Couldn’t you say kids are better off in smaller families, where they can get more attention from their one mom and one dad? That they’re better off in affluence than in poverty? With access to health care than without? With a good education than in an underfunded public school? With jetpacks and laser guns and a computer chip implanted in their head that helps them do long division?
You can’t just hold up some hypothetical ideal and tell everyone who can’t provide it that they shouldn’t be having kids at all. Who would be left? And what if someone in one of those ideal families dies or gets laid off or moves to Cancun with their secretary? Families face all kinds of circumstances, positive and negative, and they persevere because they don’t have a choice. That’s why we need families in the first place — to get through all the garbage life flings at us.
Besides, just having one mom and one dad is no guarantee that all the gender-related territory is covered. Even with straight couples, some dads are girly and some moms are manly. Just because a kid has a mom and a dad, it doesn’t mean he’s baking cookies with her and driving monster trucks with him. It could be the reverse, or neither. Tell me, Prince Charming from Shrek, how much micromanaging of familial gender roles is necessary to protect children?
Deep down, those of us in the trenches know the truth: families aren’t made by a mold. They’re made by people who love each other, and they come in all different forms, some of which seem weird to outsiders. Ours has no mom. Maybe yours lives in a Winnebago or has a reality show on E! Nobody’s perfect. But even though we can’t all give our kids everything we’d like them to have, we do our best.
Before we had kids, my partner and I thought a lot about what they would be missing out on with no mommy. I was satisfied we could still provide them a good home, but I realized I could never satisfy the people who don’t think two dads should be raising a family. You think my kids deserve a mom? Fine, maybe you’re right, but they’re not getting one. I’m just not capable of loving a woman the way I love my partner, so if we’re going to do this, it’s him and me.
And like it or not, we’re doing it. We have twin 3-year-olds who rely on their two dads to feed them, tickle them, wipe their butts and protect them from monsters — plus a few million other things we do because we love them to an unfathomable, sometimes ridiculous degree.
I know a hypothetical mom might add certain wonderful things to their lives. I think about that constantly, because like all good parents, I want my kids to have it all. I worry what’s going to happen when my daughter hits puberty and my partner and I have to Google menstruation to talk her though it. It breaks my heart when I pick them up from school and overhear the teacher telling the class, “OK, let’s see if your mommies are here to get you!” At three years old, they already know our family is different. Someday, they’re bound to hear the hurtful things that Bristol Palin and Rupert Everett and so many other people say about us, and that bums me out big time.

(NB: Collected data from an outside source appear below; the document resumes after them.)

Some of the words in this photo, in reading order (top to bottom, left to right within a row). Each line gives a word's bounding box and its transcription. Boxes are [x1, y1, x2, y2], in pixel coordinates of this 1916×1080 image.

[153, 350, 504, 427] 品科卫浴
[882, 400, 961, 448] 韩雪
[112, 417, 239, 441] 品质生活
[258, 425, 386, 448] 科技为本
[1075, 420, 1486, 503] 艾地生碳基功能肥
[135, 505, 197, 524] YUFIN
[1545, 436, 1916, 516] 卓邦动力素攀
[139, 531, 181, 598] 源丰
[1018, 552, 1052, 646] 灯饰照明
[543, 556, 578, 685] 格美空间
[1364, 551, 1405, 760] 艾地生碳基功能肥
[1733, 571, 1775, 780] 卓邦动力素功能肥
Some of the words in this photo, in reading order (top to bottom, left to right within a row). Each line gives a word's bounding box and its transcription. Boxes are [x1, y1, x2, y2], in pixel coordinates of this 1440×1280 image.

But that’s the world my partner and I chose to bring kids into, and ours is the family we knew they would have. And you know what? I still think we made the right choice. Our family may be a bit different than most, but our kids know that they’re loved and that their two daddies will always be there for them, possibly with a female friend along if we’re buying a training bra or something.
The good news is that, other than the rantings of a few homophobic celebrities (including at least one self-loathing gay man), gay families are getting some pretty good PR these days. We have sitcoms like The New Normal and Modern Family that make us look (mostly) good, celebrity ambassadors like Ricky Martin, Elton John and Neil Patrick Harris, even the support of the President. It’s not always going to be such smooth sailing, though.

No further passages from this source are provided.